WHAT YOU NEED TO DO: From the entries that follow, list every line in which the string "text" appears.

START EXERCISE MATERIAL

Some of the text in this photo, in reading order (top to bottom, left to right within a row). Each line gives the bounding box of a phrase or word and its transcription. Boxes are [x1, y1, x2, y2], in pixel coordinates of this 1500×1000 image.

END EXERCISE MATERIAL
START EXERCISE MATERIAL

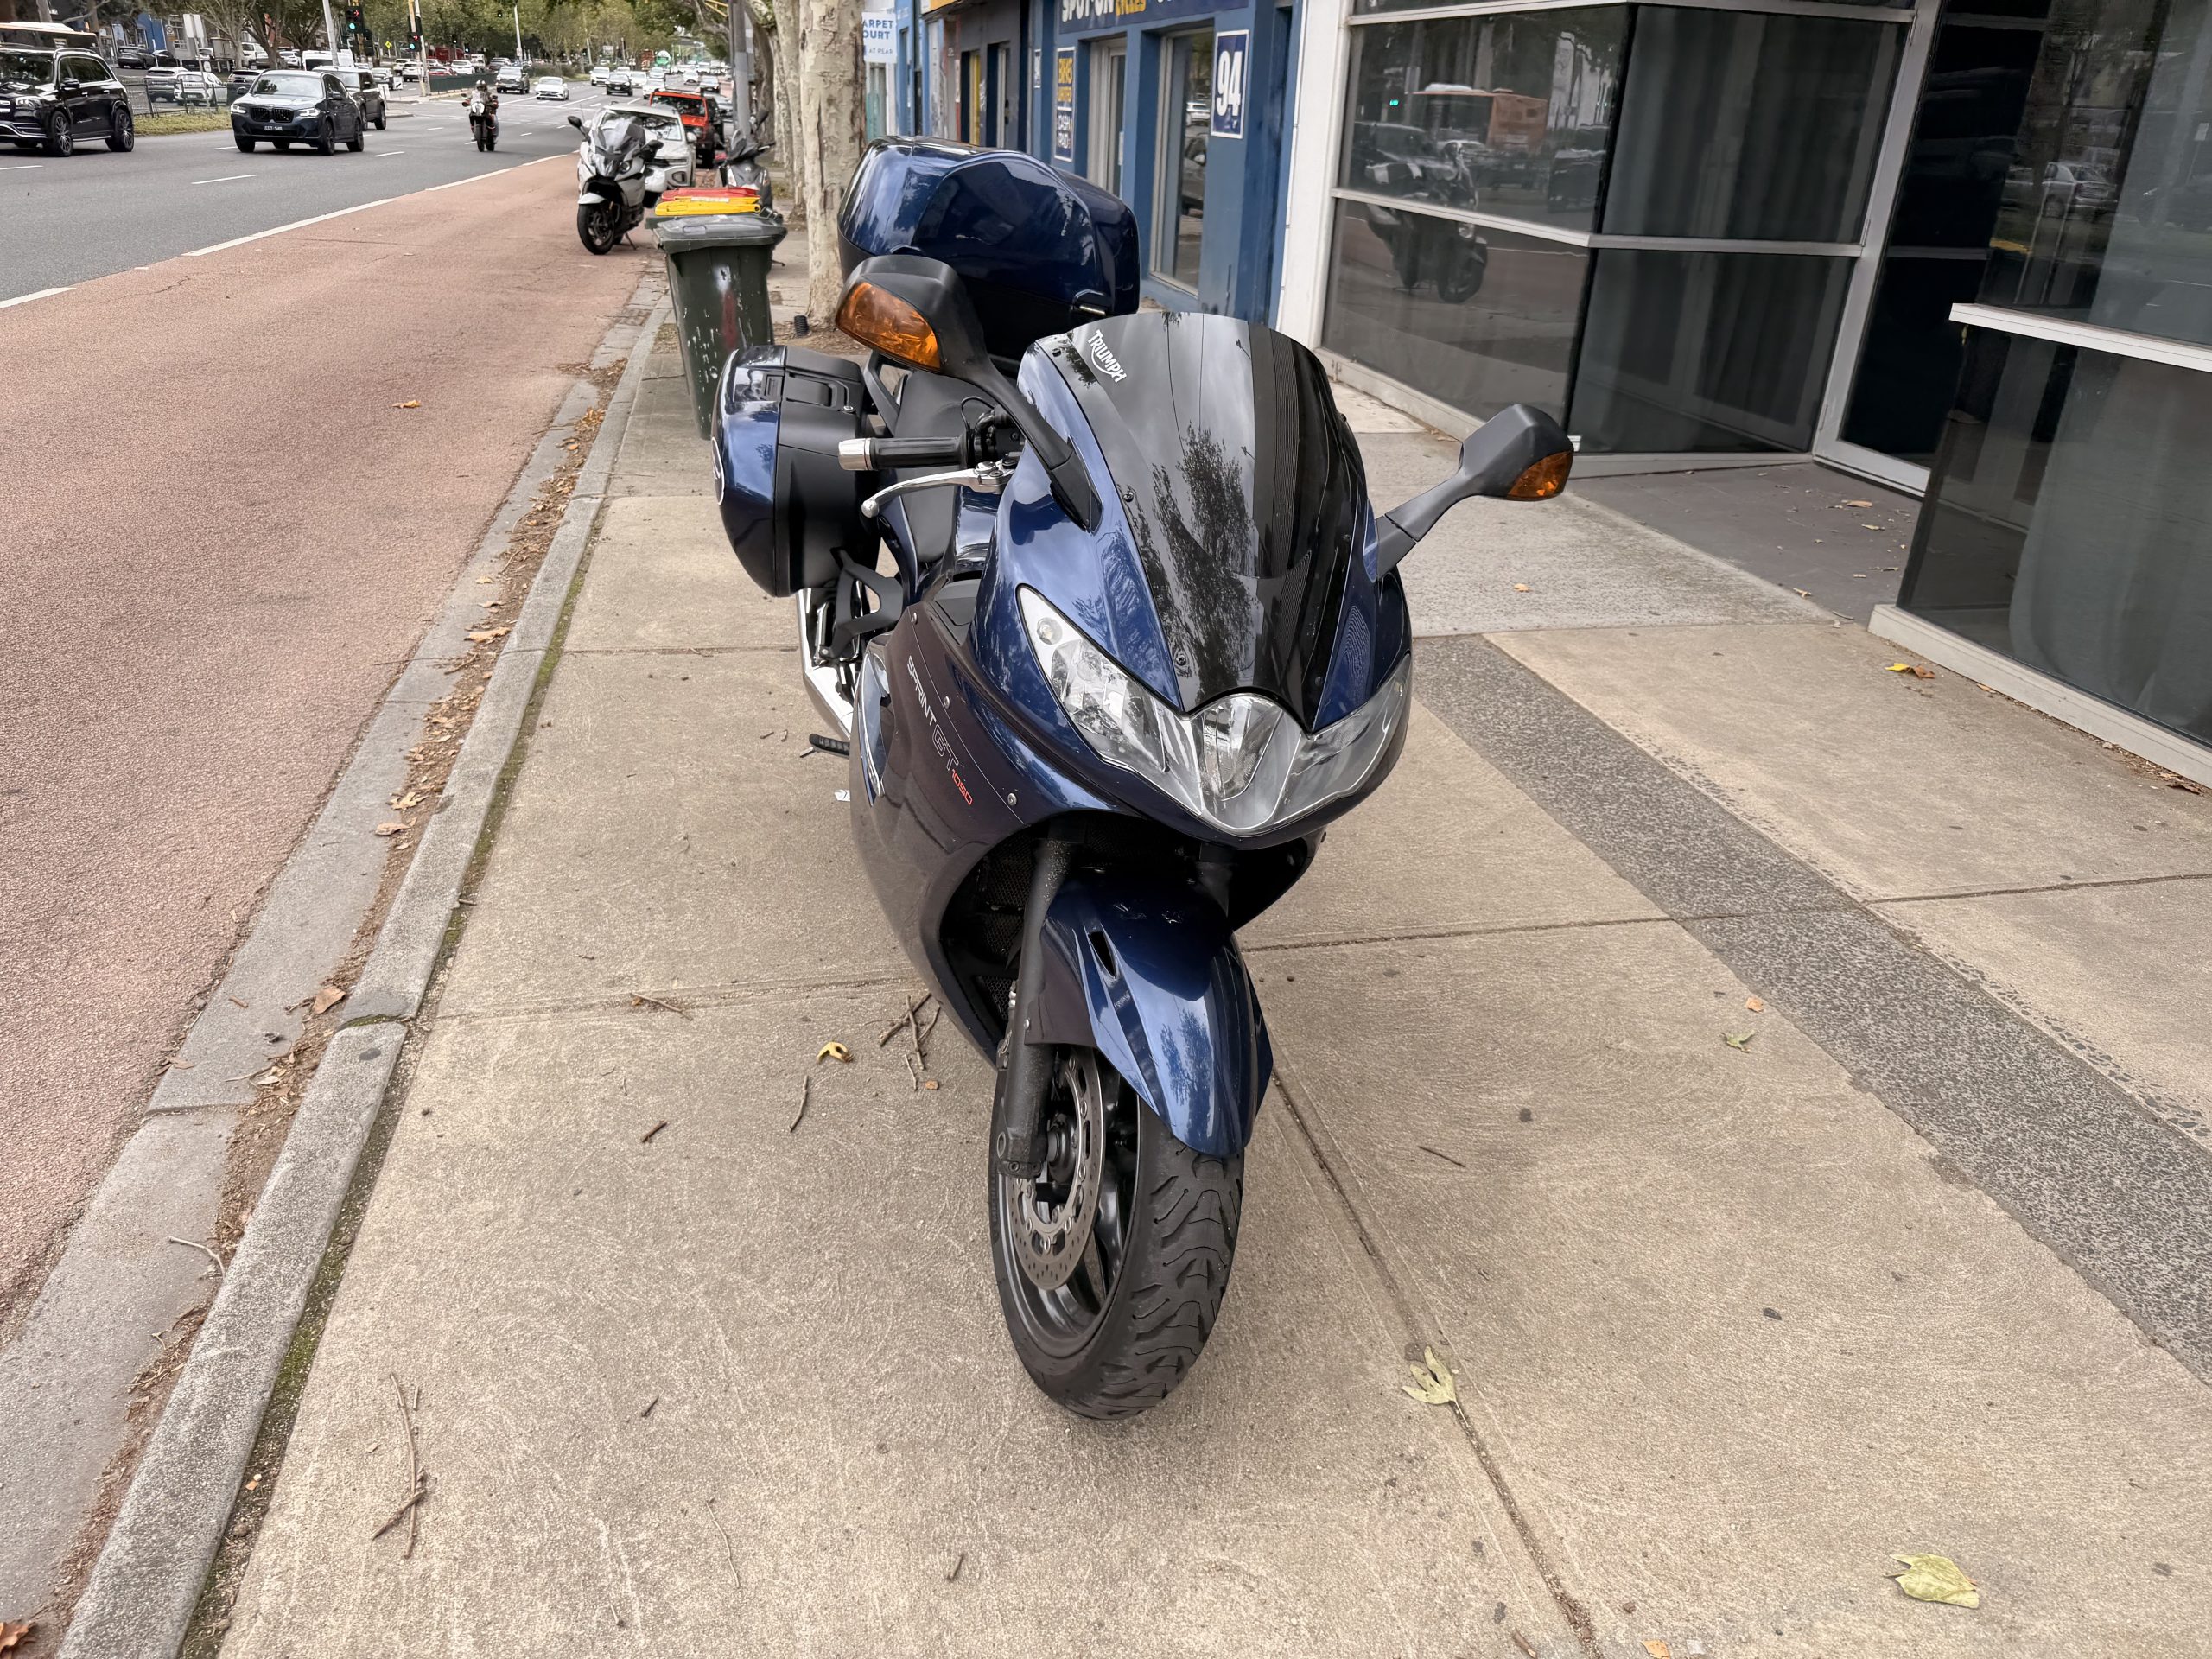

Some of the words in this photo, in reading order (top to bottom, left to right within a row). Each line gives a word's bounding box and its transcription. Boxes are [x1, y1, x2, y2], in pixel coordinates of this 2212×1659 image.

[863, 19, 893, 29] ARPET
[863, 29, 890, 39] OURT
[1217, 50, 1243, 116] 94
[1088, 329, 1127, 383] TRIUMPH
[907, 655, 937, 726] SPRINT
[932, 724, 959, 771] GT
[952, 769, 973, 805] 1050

END EXERCISE MATERIAL
START EXERCISE MATERIAL

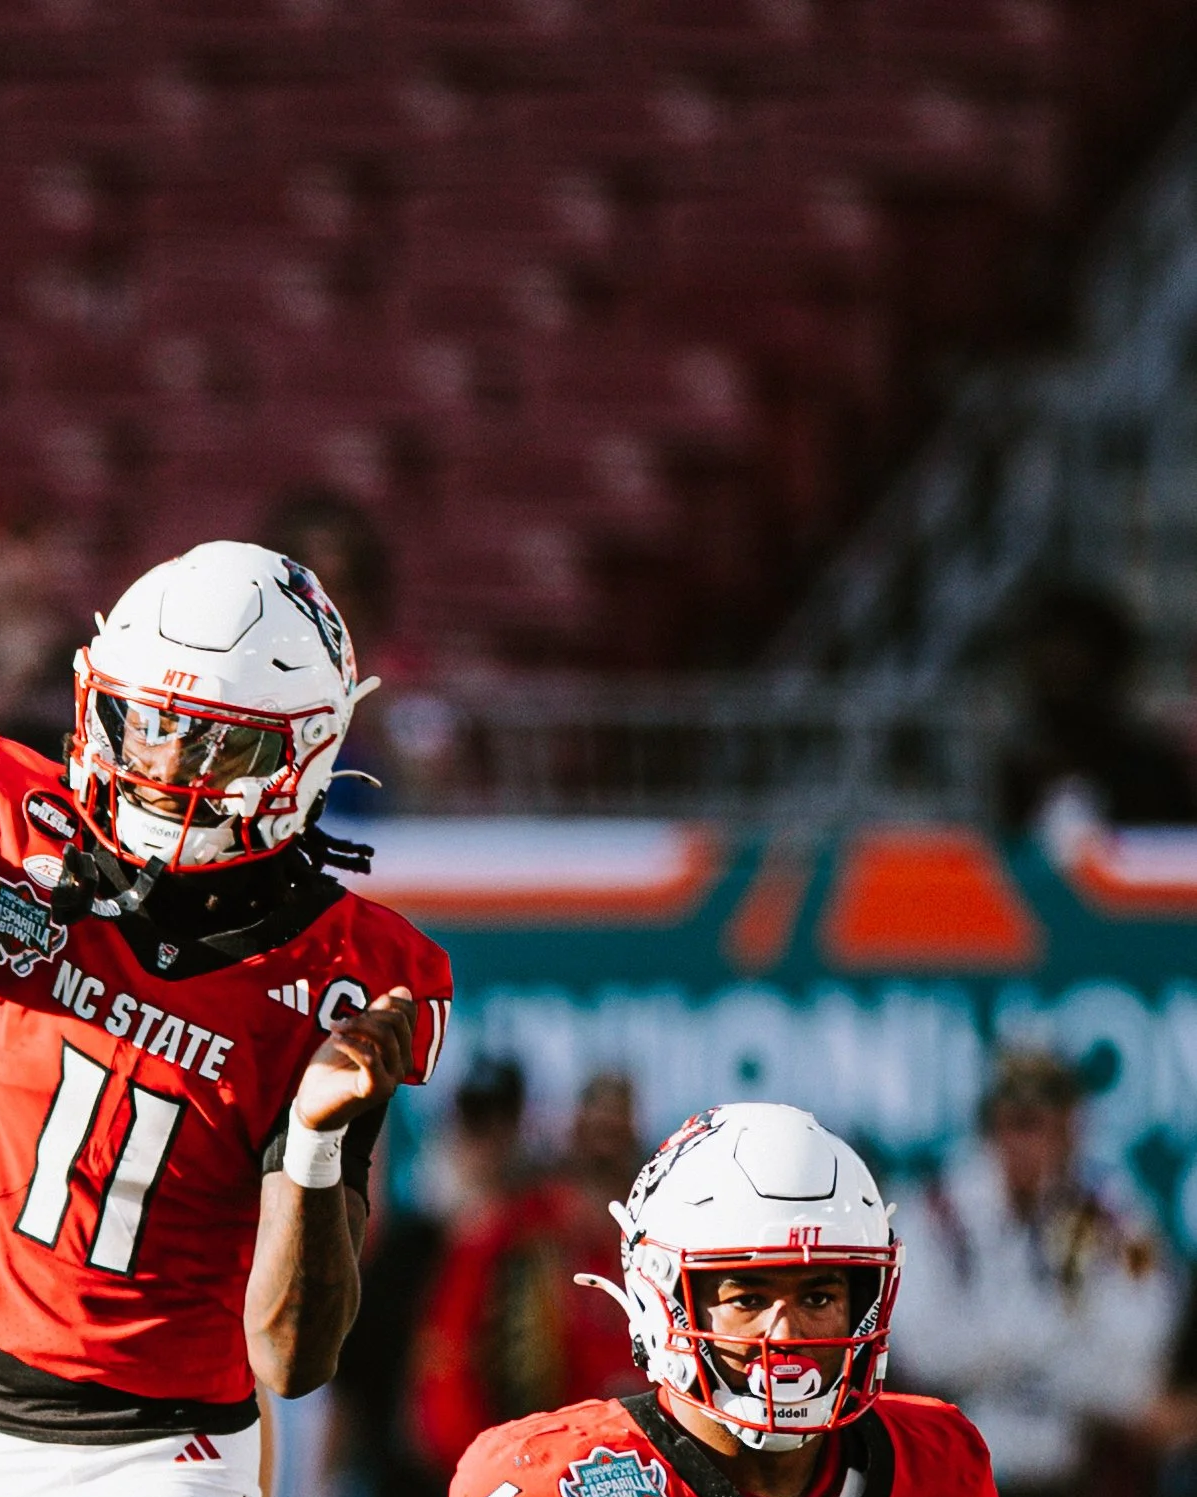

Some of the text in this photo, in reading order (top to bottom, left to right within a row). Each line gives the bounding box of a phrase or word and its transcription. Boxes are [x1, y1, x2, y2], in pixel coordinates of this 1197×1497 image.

END EXERCISE MATERIAL

WRITTEN ANSWER:
Some of the text in this photo, in reading order (top to bottom, left to right within a row). Each line gives the bounding box of a phrase or word and its transcription. Boxes are [x1, y1, x2, y2], in pixel coordinates of this 1500×1000 image.
Some of the text in this photo, in reading order (top to bottom, left to right within a row). Each line gives the bounding box of a phrase or word and its transcription. Boxes are [x1, y1, x2, y2], in pixel coordinates of this 1197×1497 image.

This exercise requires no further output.